Once the pictures are set aside, copy the data below exactly as it stands.

Annotated photo localization data

◇ ◇ ◇

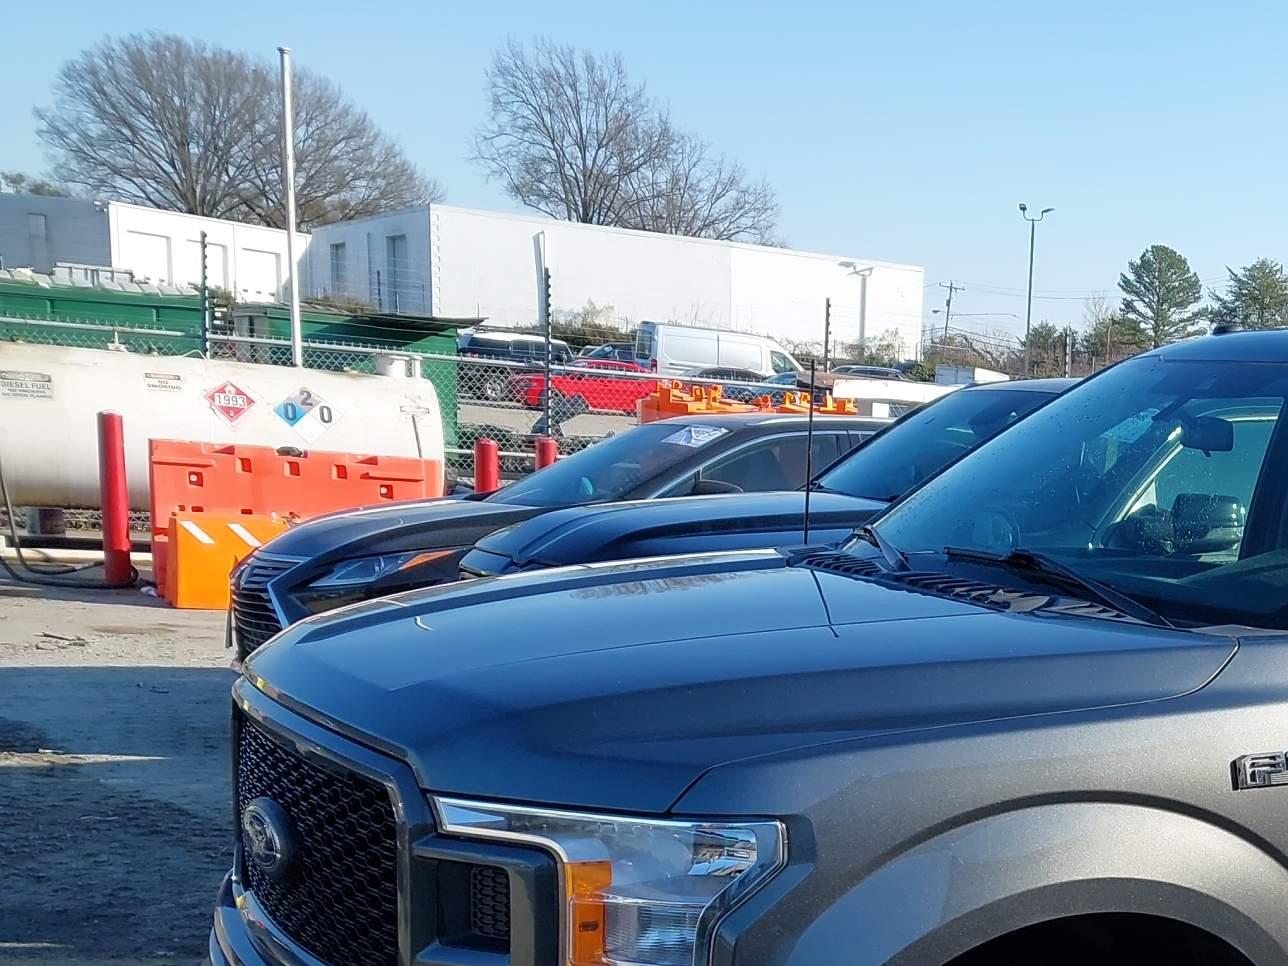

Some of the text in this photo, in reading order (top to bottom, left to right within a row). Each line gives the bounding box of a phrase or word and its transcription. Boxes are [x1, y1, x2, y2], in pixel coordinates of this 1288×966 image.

[0, 380, 51, 390] DIESEL FUEL
[216, 394, 246, 407] 1993
[299, 390, 313, 406] 2
[283, 402, 297, 421] 0
[319, 405, 333, 424] 0

◇ ◇ ◇

Written solution:
Some of the text in this photo, in reading order (top to bottom, left to right within a row). Each line gives the bounding box of a phrase or word and its transcription. Boxes are [x1, y1, x2, y2], in pixel coordinates of this 1288×966 image.

[0, 380, 51, 390] DIESEL FUEL
[216, 394, 246, 407] 1993
[299, 390, 313, 406] 2
[283, 402, 297, 421] 0
[319, 405, 333, 424] 0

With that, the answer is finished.